WHAT YOU SHOULD DO
Print out all of the records exactly; no picture belongs in the result.

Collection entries

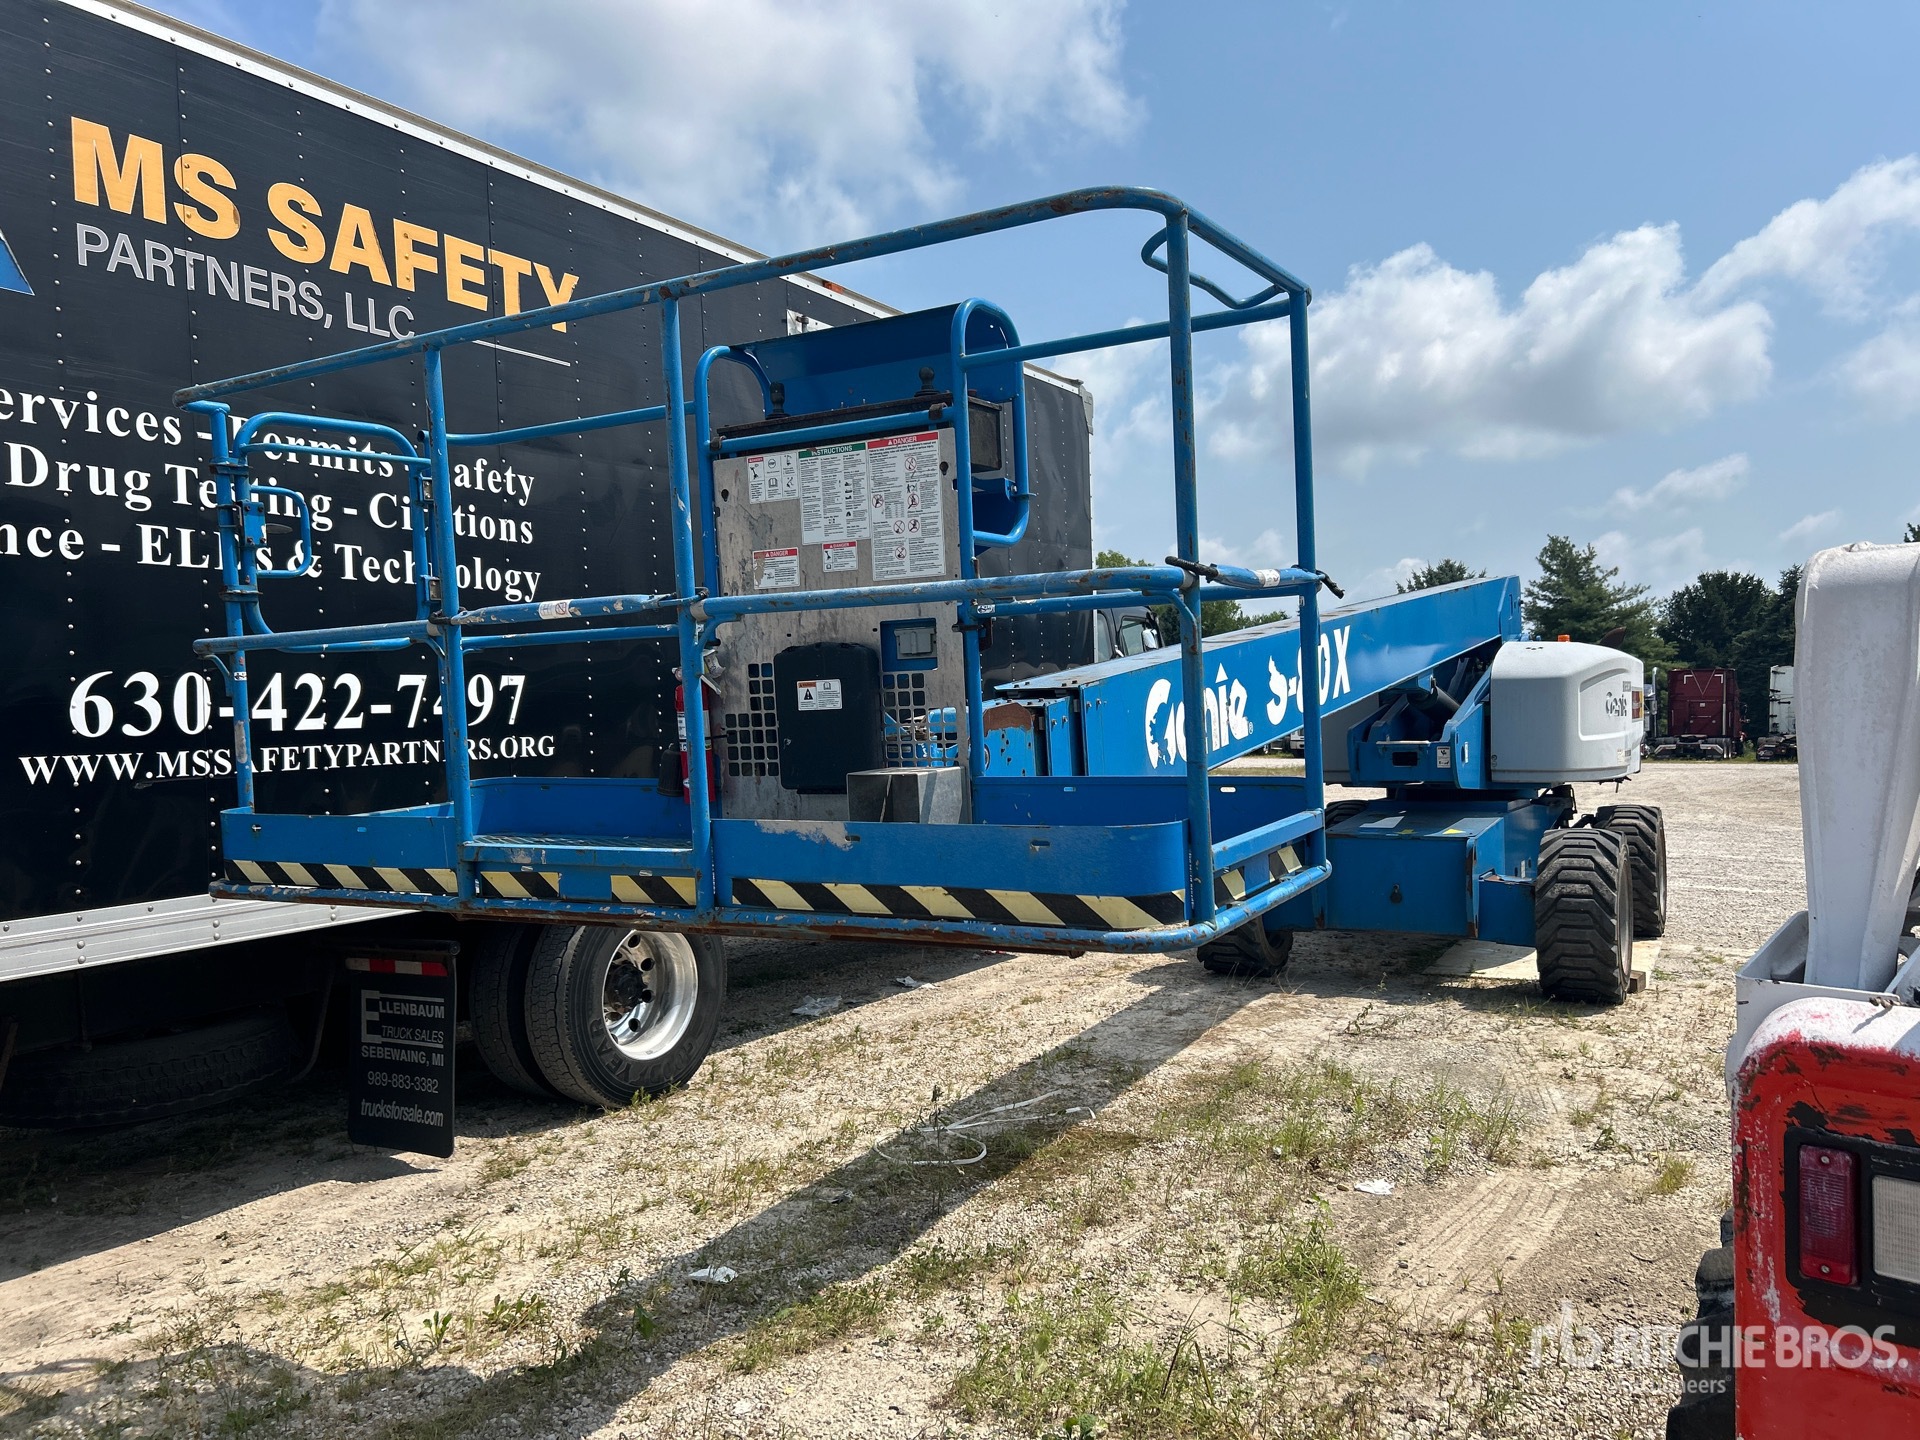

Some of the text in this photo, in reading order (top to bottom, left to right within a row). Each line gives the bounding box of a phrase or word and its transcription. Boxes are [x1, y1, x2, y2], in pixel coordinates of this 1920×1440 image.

[71, 116, 579, 333] MS SAFETY
[76, 223, 415, 341] PARTNERS, LLC
[892, 436, 918, 445] DANGER
[4, 441, 152, 512] Drug
[165, 463, 333, 532] Teting
[369, 492, 534, 545] Citions
[454, 458, 534, 507] afety
[287, 540, 323, 578] &
[334, 543, 541, 603] Techology
[19, 735, 556, 785] WWW.MSSFETYPARTNRS.ORG
[361, 1045, 444, 1067] SEBEWAING, MI
[381, 1025, 444, 1044] TRUCK SALES
[367, 1071, 439, 1094] 989-883-3382
[361, 1098, 444, 1127] trucksforsale.com

WRITTEN SOLUTION
Some of the text in this photo, in reading order (top to bottom, left to right within a row). Each line gives the bounding box of a phrase or word and its transcription. Boxes are [x1, y1, x2, y2], in pixel coordinates of this 1920×1440 image.

[71, 116, 579, 333] MS SAFETY
[76, 223, 415, 341] PARTNERS, LLC
[892, 436, 918, 445] DANGER
[4, 441, 152, 512] Drug
[165, 463, 333, 532] Teting
[369, 492, 534, 545] Citions
[454, 458, 534, 507] afety
[287, 540, 323, 578] &
[334, 543, 541, 603] Techology
[19, 735, 556, 785] WWW.MSSFETYPARTNRS.ORG
[361, 1045, 444, 1067] SEBEWAING, MI
[381, 1025, 444, 1044] TRUCK SALES
[367, 1071, 439, 1094] 989-883-3382
[361, 1098, 444, 1127] trucksforsale.com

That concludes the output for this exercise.